** Opening Entries provided block **

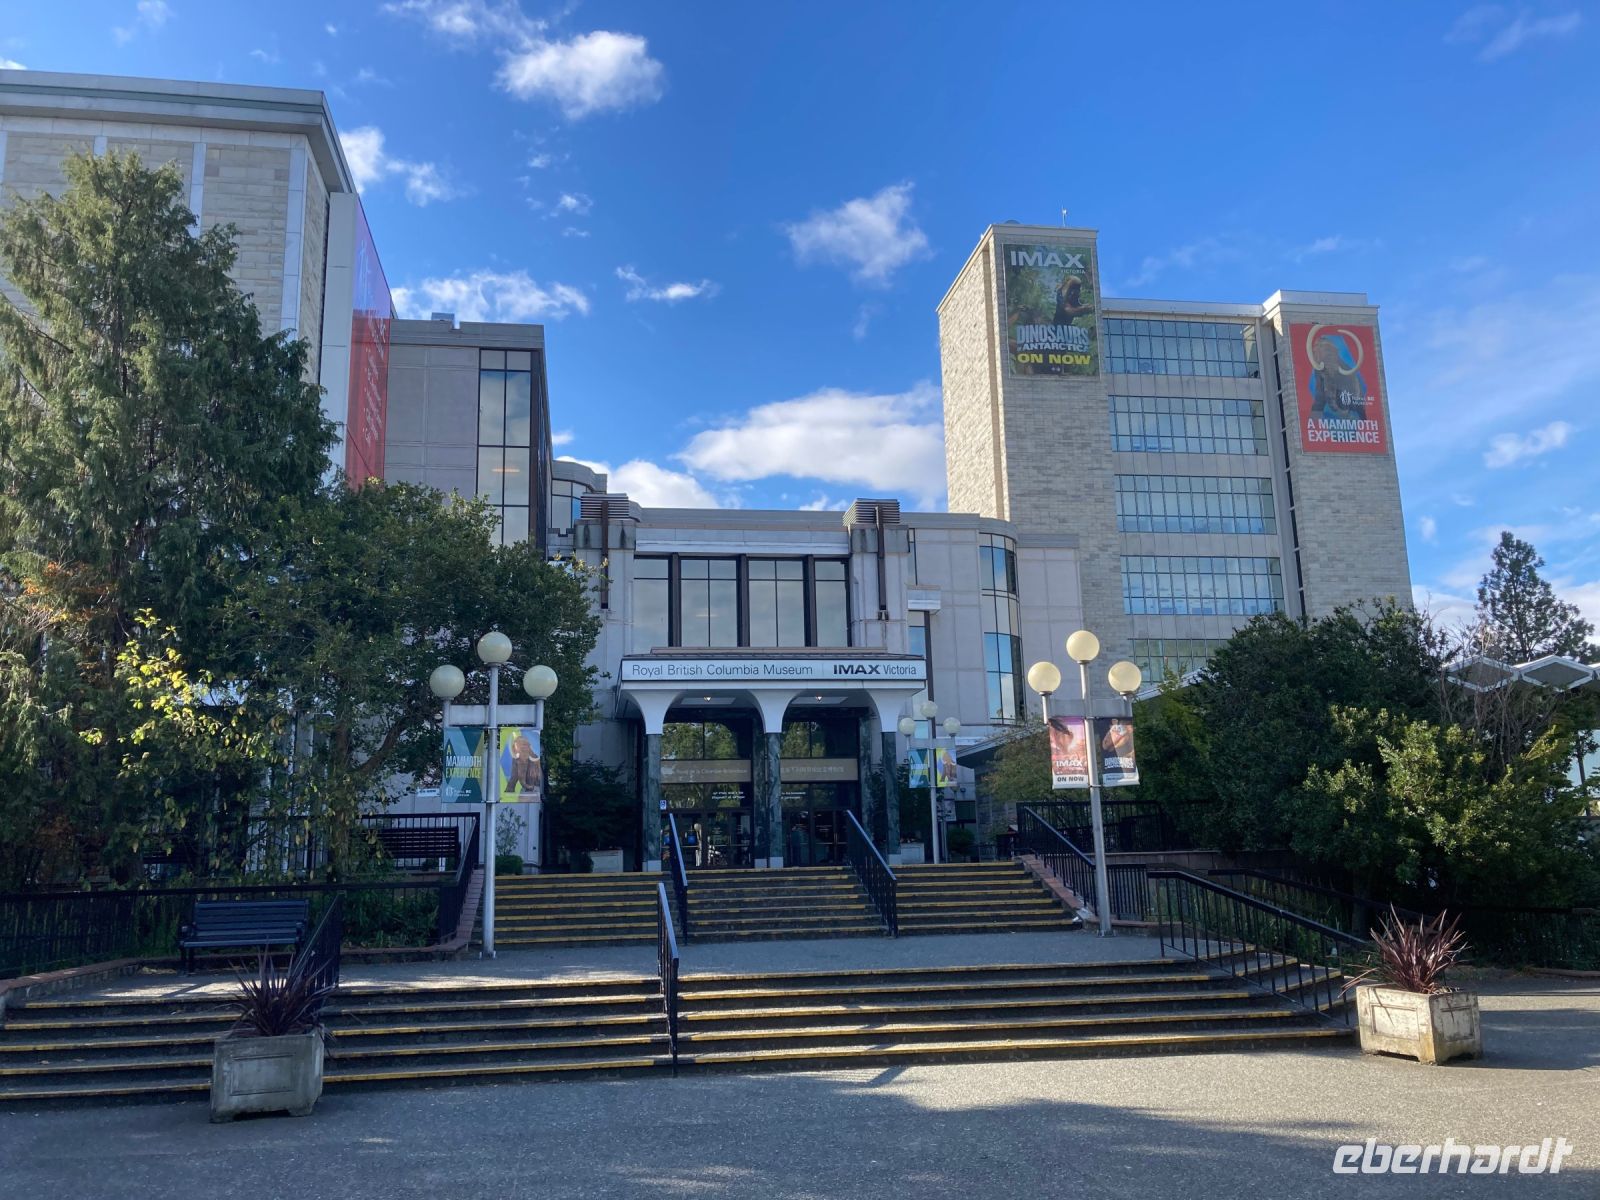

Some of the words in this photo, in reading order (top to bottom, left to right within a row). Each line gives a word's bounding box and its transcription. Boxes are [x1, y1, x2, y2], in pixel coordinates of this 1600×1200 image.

[1010, 250, 1085, 269] IMAX
[1016, 324, 1089, 346] DINOSAURS
[1017, 353, 1043, 364] ON
[1048, 354, 1091, 365] NOW
[1307, 418, 1315, 429] A
[1318, 419, 1378, 431] MAMMOTH
[1308, 430, 1380, 444] EXPERIENCE
[632, 664, 663, 676] Royal
[667, 664, 703, 676] British
[707, 664, 759, 676] Columbia
[763, 664, 813, 676] Museum
[833, 664, 881, 675] IMAX
[882, 664, 917, 676] Victoria
[446, 756, 482, 767] MAMMOTH
[1056, 758, 1083, 768] IMAX
[446, 767, 481, 779] EXPERIENCE

** Closing Entries provided block **

[Exercise objective] Output the material above exactly, without pictures.

[Expected answer]
Some of the words in this photo, in reading order (top to bottom, left to right within a row). Each line gives a word's bounding box and its transcription. Boxes are [x1, y1, x2, y2], in pixel coordinates of this 1600×1200 image.

[1010, 250, 1085, 269] IMAX
[1016, 324, 1089, 346] DINOSAURS
[1017, 353, 1043, 364] ON
[1048, 354, 1091, 365] NOW
[1307, 418, 1315, 429] A
[1318, 419, 1378, 431] MAMMOTH
[1308, 430, 1380, 444] EXPERIENCE
[632, 664, 663, 676] Royal
[667, 664, 703, 676] British
[707, 664, 759, 676] Columbia
[763, 664, 813, 676] Museum
[833, 664, 881, 675] IMAX
[882, 664, 917, 676] Victoria
[446, 756, 482, 767] MAMMOTH
[1056, 758, 1083, 768] IMAX
[446, 767, 481, 779] EXPERIENCE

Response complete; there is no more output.